▸ ASSIGNMENT:
Only an exact repeat of the listing, without its images, counts as the answer.

▸ EXTRACTED ENTRIES:

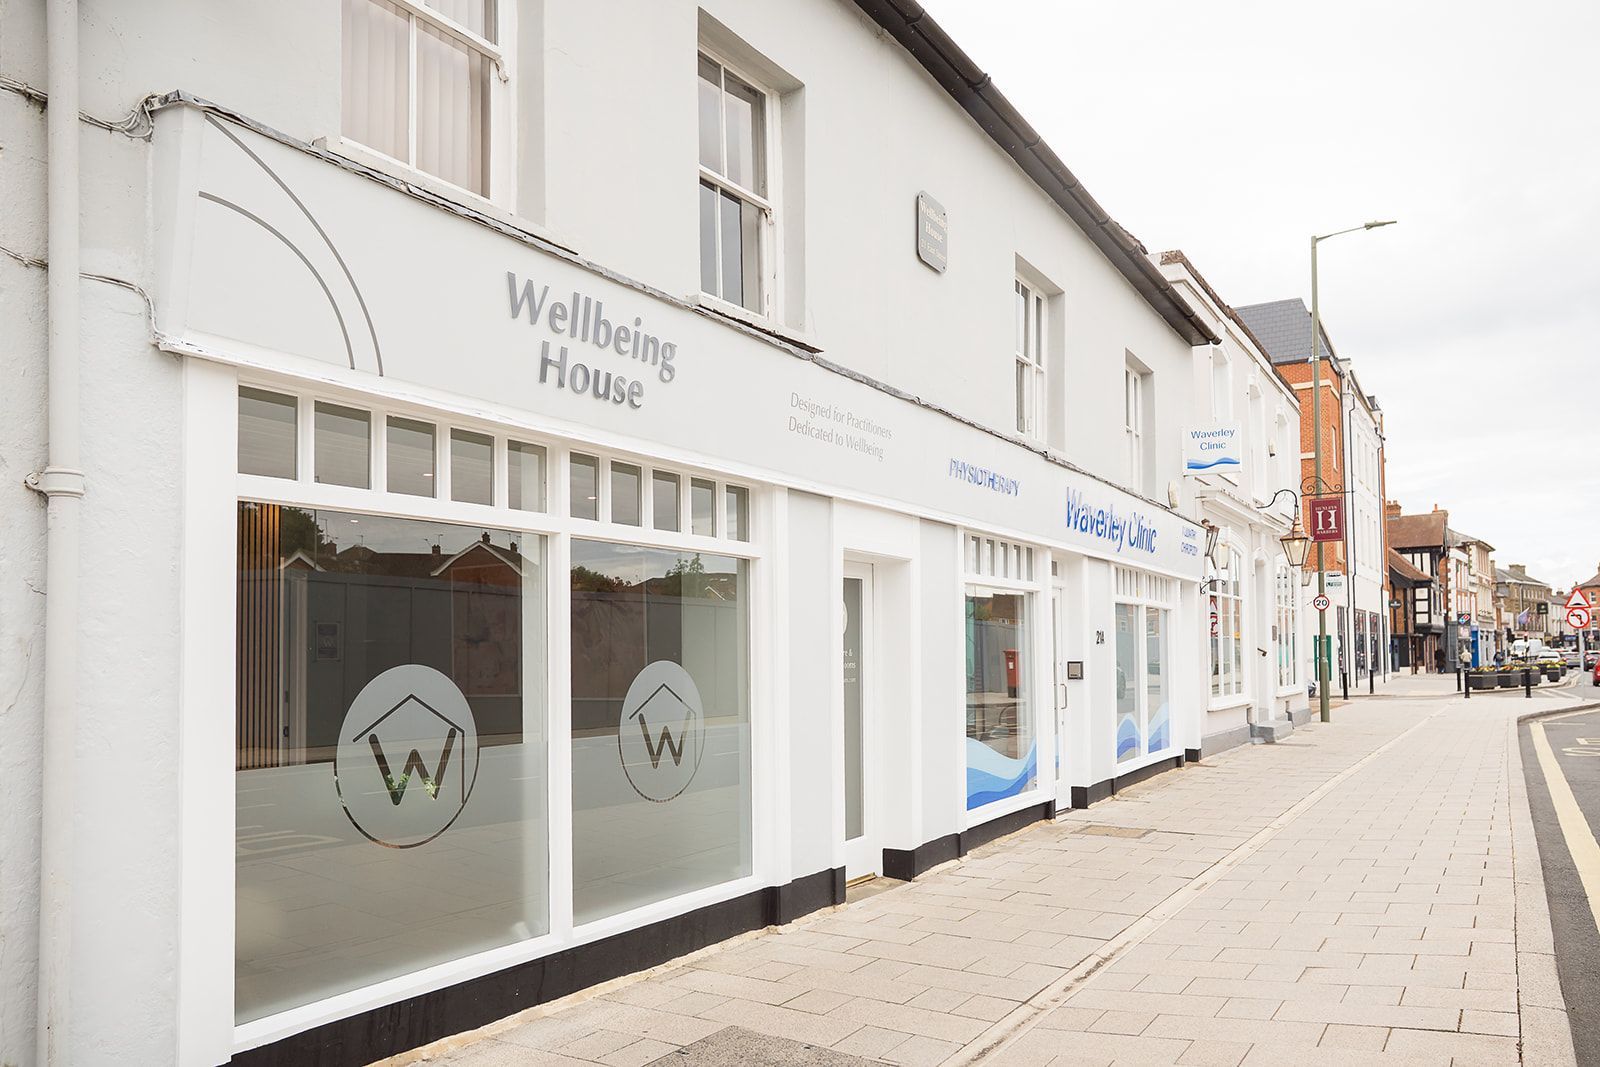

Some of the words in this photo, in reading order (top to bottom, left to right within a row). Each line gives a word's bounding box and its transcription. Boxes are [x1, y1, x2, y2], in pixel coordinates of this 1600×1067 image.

[507, 271, 678, 383] Wellbeing
[538, 340, 645, 409] House
[788, 415, 834, 443] Dedicated
[835, 432, 844, 446] to
[845, 433, 884, 462] Wellbeing
[790, 391, 832, 419] Designed
[833, 406, 846, 424] for
[846, 411, 893, 440] Practitioners
[1190, 428, 1236, 440] Waverley
[1199, 441, 1227, 451] Clinic
[948, 457, 1021, 497] PHYSIOTHERAPY
[1066, 486, 1127, 553] Waverley
[1128, 511, 1158, 554] Clinic
[1315, 599, 1328, 607] 20
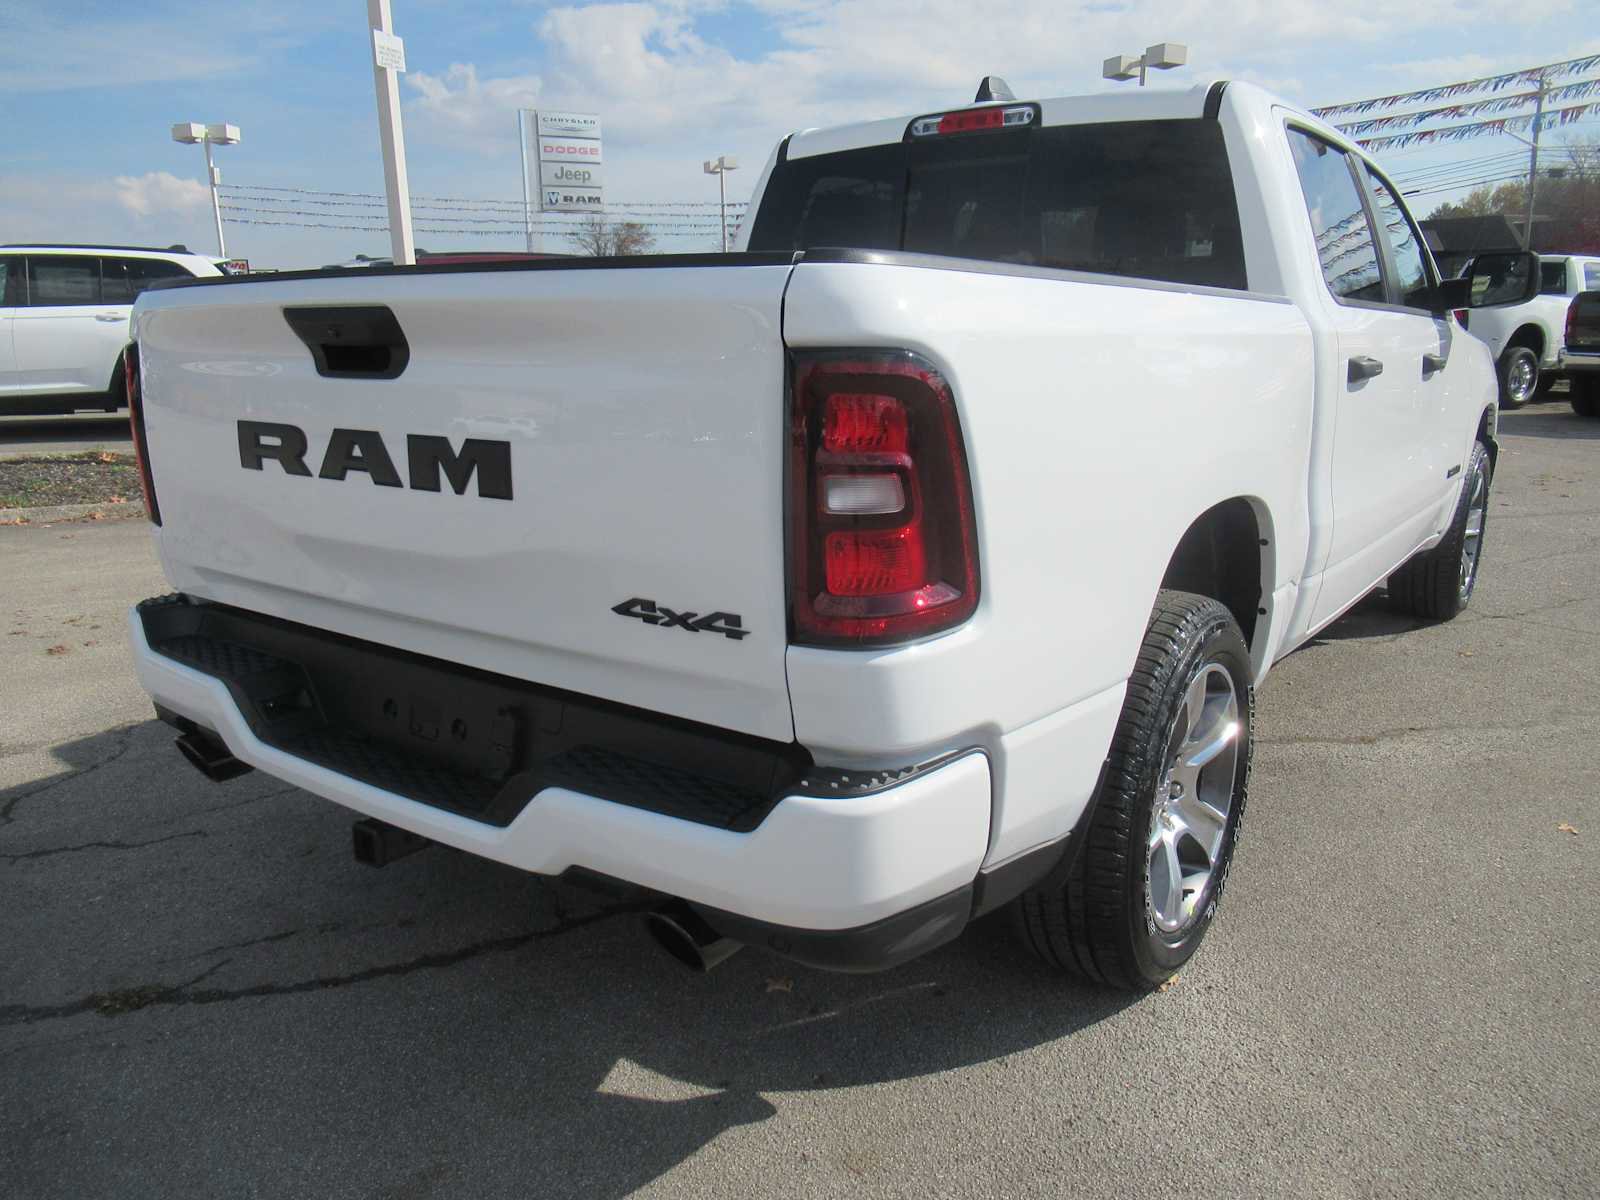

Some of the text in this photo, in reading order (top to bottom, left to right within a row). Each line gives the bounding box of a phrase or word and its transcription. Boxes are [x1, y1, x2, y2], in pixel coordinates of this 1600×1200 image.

[543, 117, 596, 125] CHRYSLER
[543, 146, 599, 155] DODGE
[554, 166, 592, 183] Jeep
[563, 195, 601, 204] RAM
[237, 419, 514, 500] RAM
[611, 598, 751, 640] 4x4
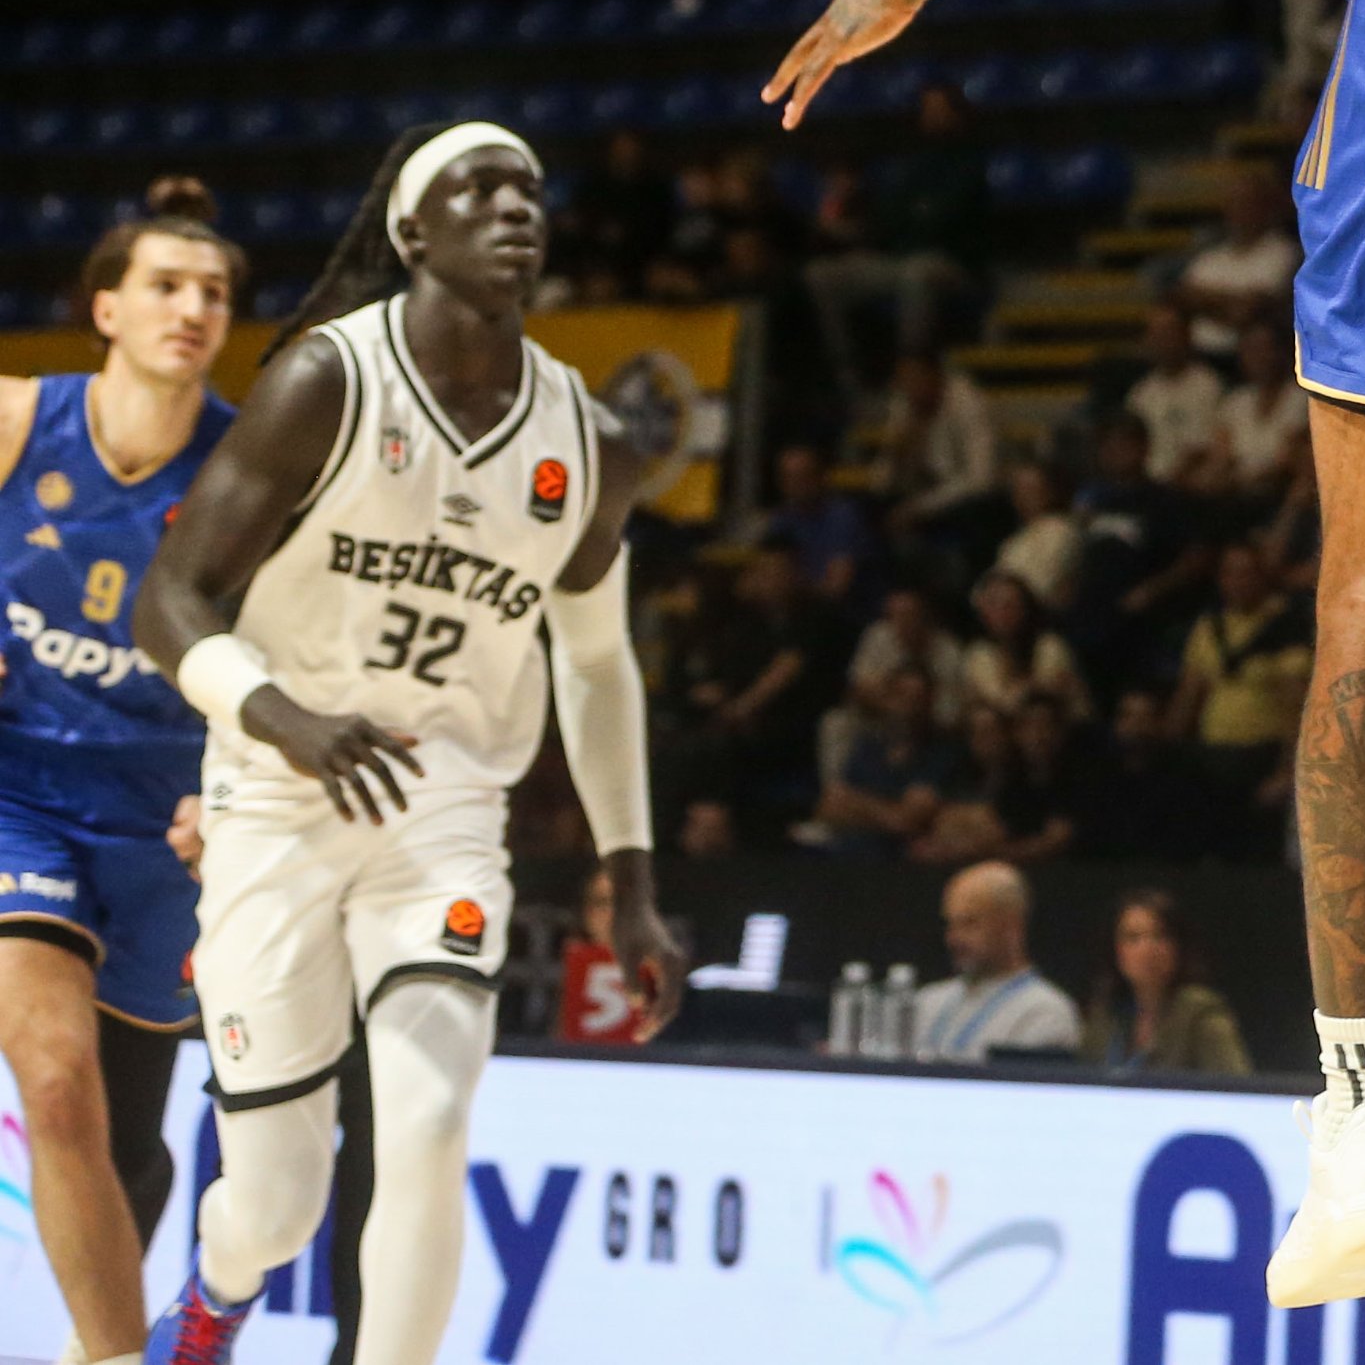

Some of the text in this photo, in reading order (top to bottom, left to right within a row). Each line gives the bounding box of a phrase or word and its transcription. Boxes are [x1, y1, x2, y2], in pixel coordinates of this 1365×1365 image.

[82, 559, 128, 624] 9
[328, 531, 542, 623] BEŞİKTAŞ
[363, 600, 467, 687] 32
[580, 962, 629, 1032] 5

▸ RESULT:
Some of the words in this photo, in reading order (top to bottom, left to right within a row). Each line gives a word's bounding box and its transcription. Boxes are [x1, y1, x2, y2], in pixel coordinates of this 1600×1067 image.

[507, 271, 678, 383] Wellbeing
[538, 340, 645, 409] House
[788, 415, 834, 443] Dedicated
[835, 432, 844, 446] to
[845, 433, 884, 462] Wellbeing
[790, 391, 832, 419] Designed
[833, 406, 846, 424] for
[846, 411, 893, 440] Practitioners
[1190, 428, 1236, 440] Waverley
[1199, 441, 1227, 451] Clinic
[948, 457, 1021, 497] PHYSIOTHERAPY
[1066, 486, 1127, 553] Waverley
[1128, 511, 1158, 554] Clinic
[1315, 599, 1328, 607] 20

Some of the text in this photo, in reading order (top to bottom, left to right within a row). Each line gives the bounding box of a phrase or word and its transcription. Boxes are [x1, y1, x2, y2], in pixel coordinates of this 1600×1200 image.

[543, 117, 596, 125] CHRYSLER
[543, 146, 599, 155] DODGE
[554, 166, 592, 183] Jeep
[563, 195, 601, 204] RAM
[237, 419, 514, 500] RAM
[611, 598, 751, 640] 4x4

Some of the text in this photo, in reading order (top to bottom, left to right within a row). Each line gives the bounding box of a phrase or word and its transcription. Boxes are [x1, y1, x2, y2], in pixel coordinates of this 1365×1365 image.

[82, 559, 128, 624] 9
[328, 531, 542, 623] BEŞİKTAŞ
[363, 600, 467, 687] 32
[580, 962, 629, 1032] 5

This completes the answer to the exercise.